Figure 2b shows the cross section B of Figure 2a. In this example, the ribs 24, 25 and 26 are attached to the outer wall 12 and extend about 75% of the distance across the sequential liner cooling channel between the outer wall 12 and the inner wall 22. Although the outer wall 12 and the inner wall 22 are shown as straight lines in Fig. 2B, this need not necessarily be the case.

Figure 3 shows a portion of a gas turbine combustor and shows a relative arrangement of neighboring sequential liners in a typical configuration wherein the sequential liners are adjacent to each other and arranged in a ring around a central axis. The sequential liners described herein will generally be used to enclose each can in a cans combustor. The hot gases will typically flow through the can in the hot gas flow direction 34 (see FIG. 1).
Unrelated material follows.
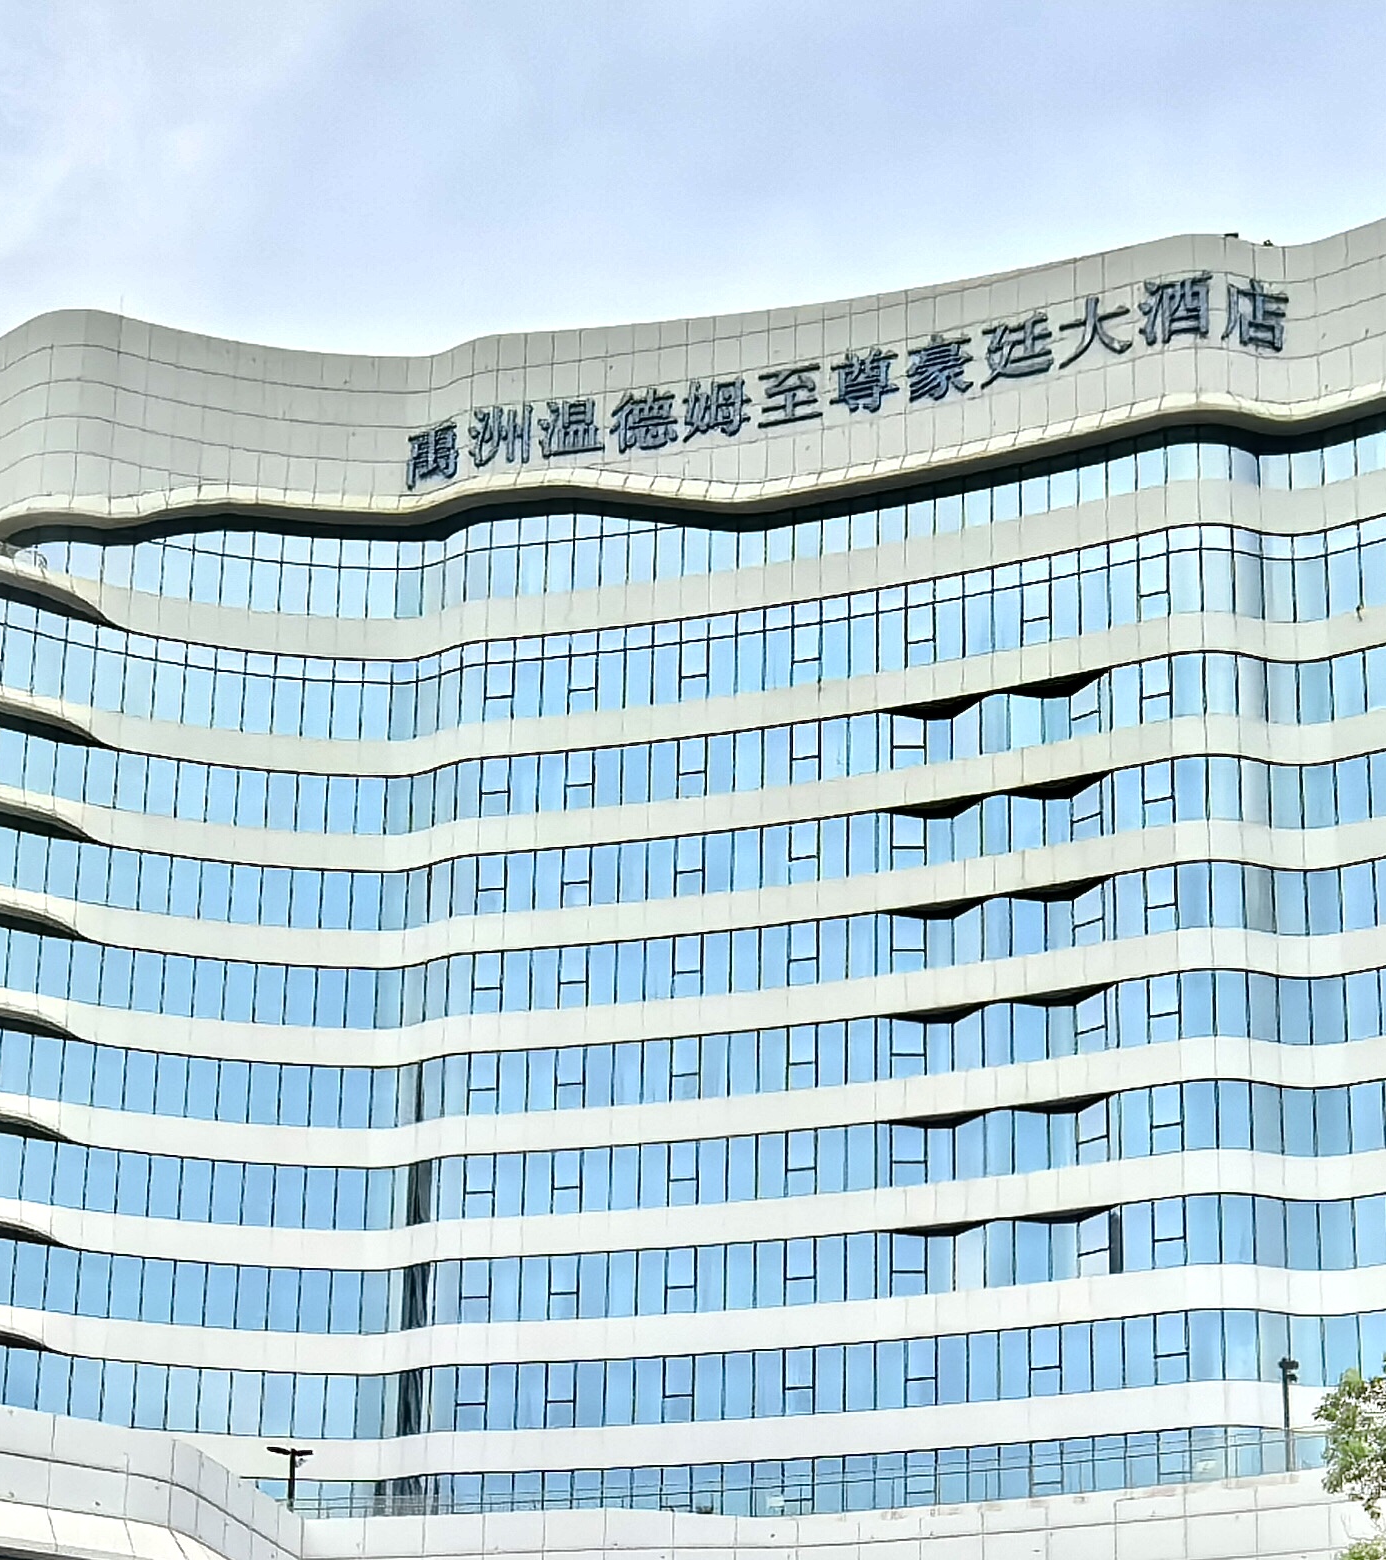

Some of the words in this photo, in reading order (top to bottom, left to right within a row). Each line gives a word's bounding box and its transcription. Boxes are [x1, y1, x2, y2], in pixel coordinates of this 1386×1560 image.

[407, 271, 1290, 490] 禹洲温德姆至尊豪廷大酒店
The cooling holes are shown on the inner surface 14 of the sequential liners; The convective cooling holes 18 may be on the outer surface (not shown) instead of the inner surface, or on both the inner surface and the outer surface, as described above in the inner surface 14 of the outer wall in the present application .

Figure 4 shows a cutaway perspective view of a portion of a sequential liner cooling channel that is seen away from a sequential liner longitudinal axis 32 within a sequential liner cooling channel. Instead of a single convective cooling hole in the inner surface 14 adjacent the side 16, three convective cooling holes are provided in parallel with the sequential liner longitudinal axis. The cooling air entering from the hole closest to the side surface 16 further interacts with the side surface 16 and provides greater friction and movement towards the cooling air outlet (not shown) without moving too far across the side (I.e., moving parallel to the sequential liner longitudinal axis). On the contrary, the air from the furthest furthest from the side 16 interacts with the side 16 relatively small, and therefore significantly crosses the sidewall before moving towards the cooling air outlet (i. E., On the sequential liner longitudinal axis More perpendicularly). Generally, the cooling air flow in the sequential liner cooling channel is opposite to the hot gas flow inside the sequential liner inner wall.

In some cases, an effect similar to that shown in FIG. 4 could be obtained by a single convective cooling hole with a hole of the appropriate shape (for example, a single hole could have a total width of three holes shown in FIG. 4 Lt; / RTI >

In the method of cooling using a sequential liner as described above, the cooling air is fed through the convection cooling holes 18. The cooling air is then normally passed through a sequential liner cooling channel (generally in the opposite direction to the hot gas flow direction 34) at right angles to the sequential liner longitudinal axis before reaching the cooling air outlet (not shown) Lt; RTI ID = 0.0 > liner < / RTI >

In a method of retrofitting a gas turbine comprising a sequential liner outer wall and a sequential liner with a sequential liner inner wall, the sequential liner outer wall is first removed, and then a new sequential liner outer wall as described above is added . If desired, the method may further comprise attaching at least one rib to the inner liner of the sequential liner prior to adding the new sequential liner outer wall as described in the present application.

The sequential liner 10 may be used, for example, in a can combustor or a cannula combustor.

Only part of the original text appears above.